**Brief**:
Leaving the pictures aside, restate all of the data exactly.

Saved entries:

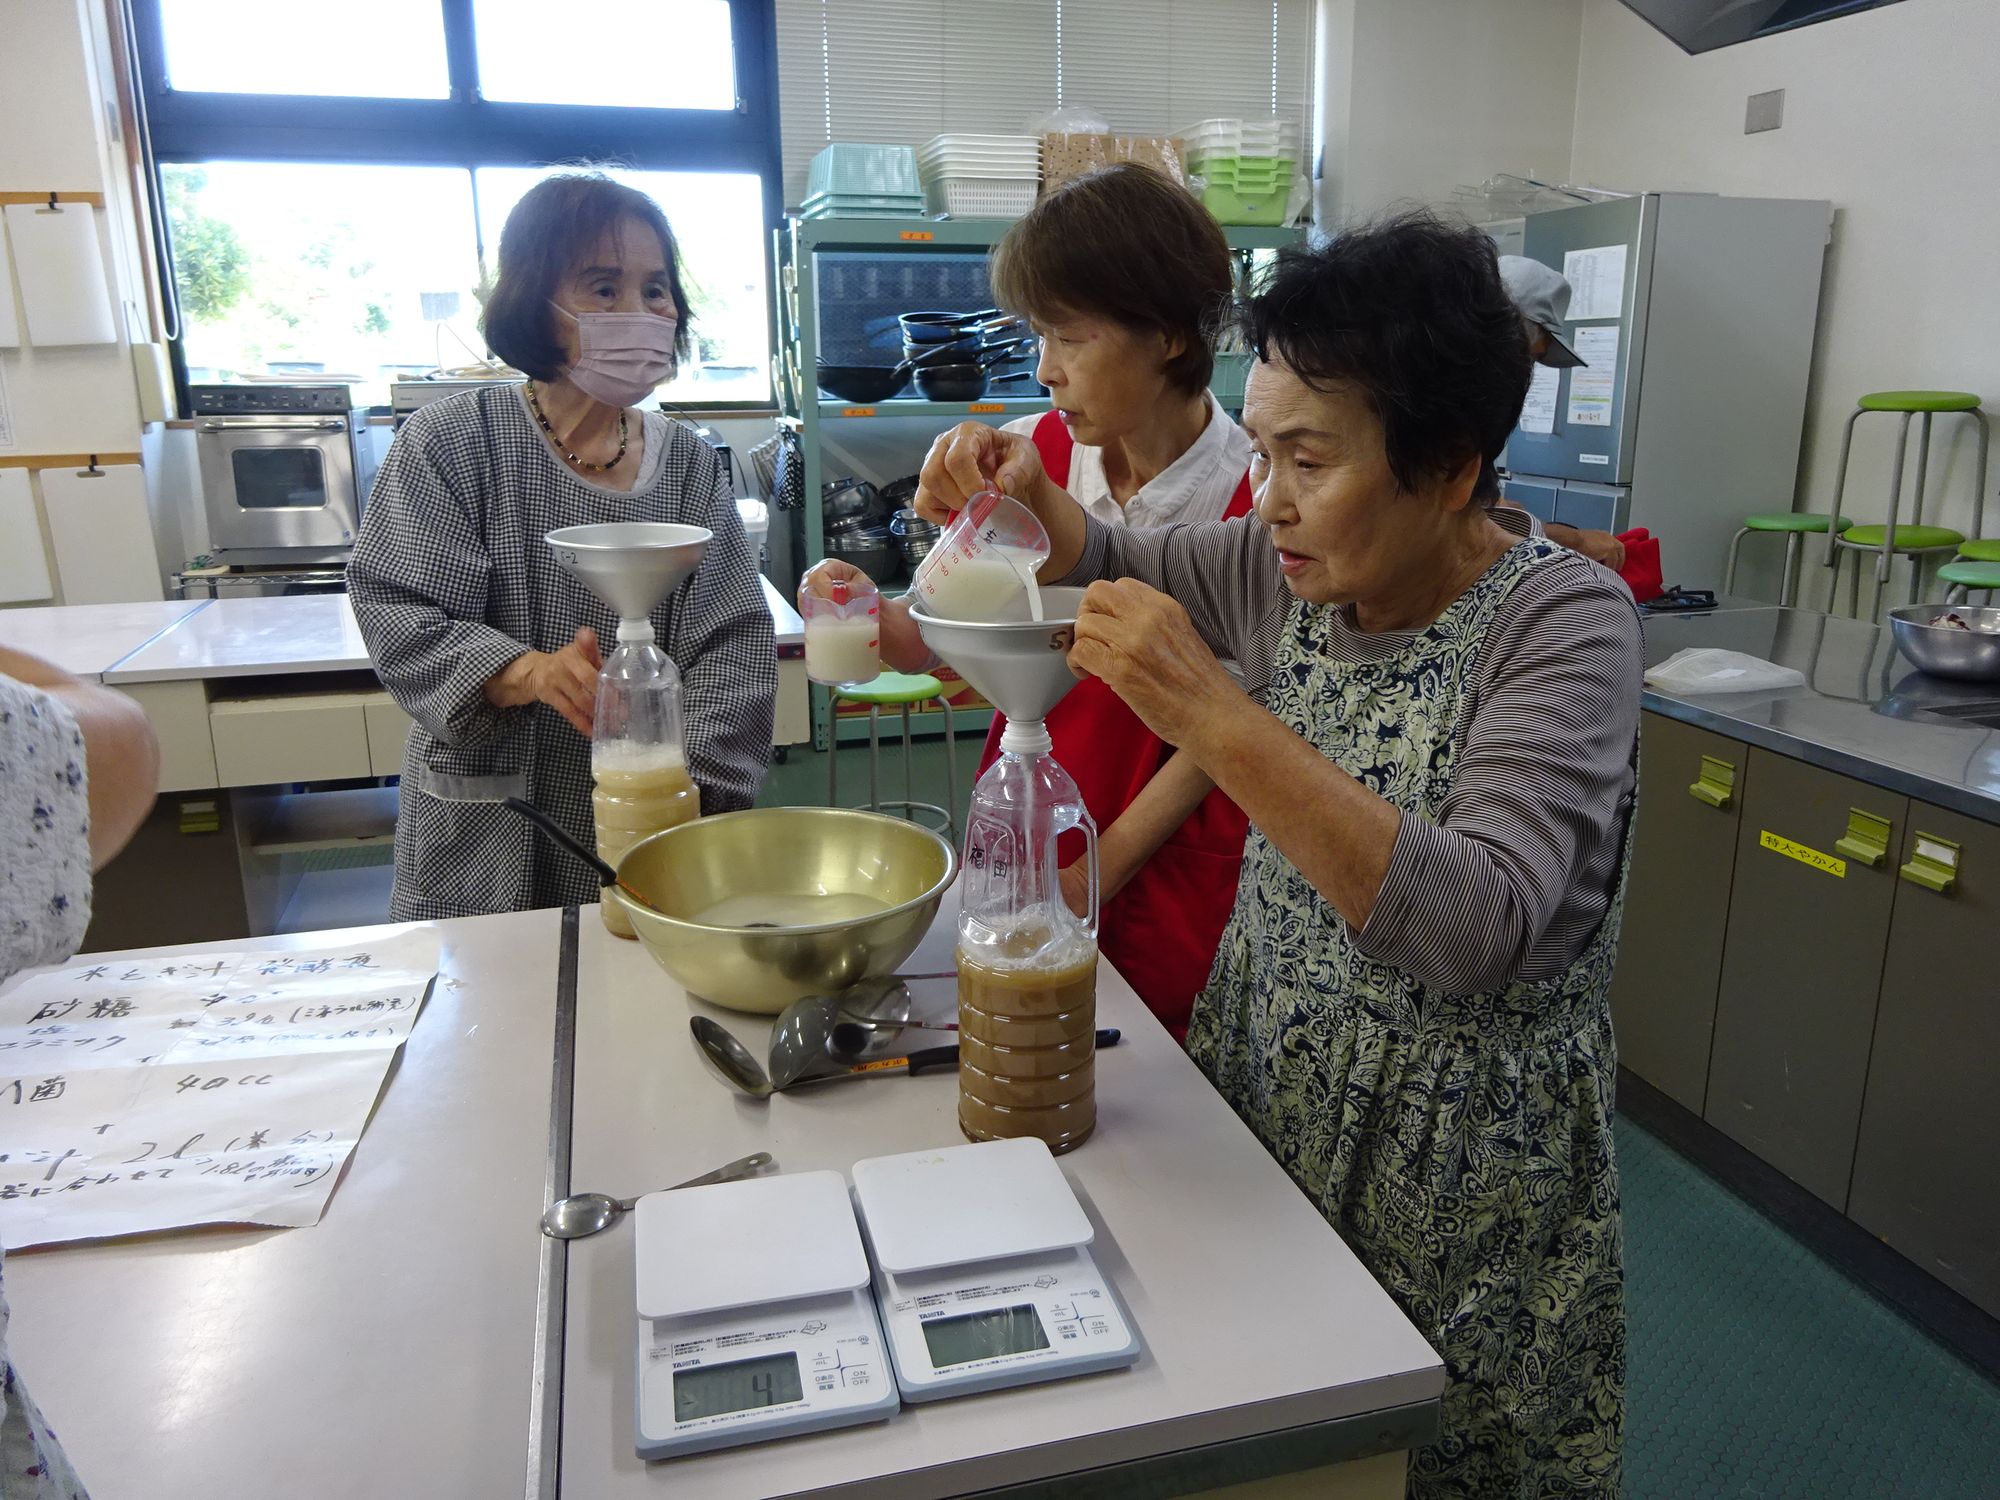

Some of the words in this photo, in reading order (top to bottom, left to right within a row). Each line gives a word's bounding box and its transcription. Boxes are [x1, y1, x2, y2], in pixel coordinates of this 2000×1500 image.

[951, 552, 960, 565] 70
[941, 566, 950, 577] 50
[926, 583, 936, 595] 20
[1764, 834, 1843, 874] 特大やかん
[257, 953, 381, 975] 発酵液
[26, 996, 140, 1025] 砂糖
[1093, 1327, 1110, 1336] OFF
[852, 1378, 870, 1386] OFF
[752, 1372, 774, 1407] 4

**Solution to this task**:
Some of the words in this photo, in reading order (top to bottom, left to right within a row). Each line gives a word's bounding box and its transcription. Boxes are [x1, y1, x2, y2], in pixel coordinates of this 2000×1500 image.

[951, 552, 960, 565] 70
[941, 566, 950, 577] 50
[926, 583, 936, 595] 20
[1764, 834, 1843, 874] 特大やかん
[257, 953, 381, 975] 発酵液
[26, 996, 140, 1025] 砂糖
[1093, 1327, 1110, 1336] OFF
[852, 1378, 870, 1386] OFF
[752, 1372, 774, 1407] 4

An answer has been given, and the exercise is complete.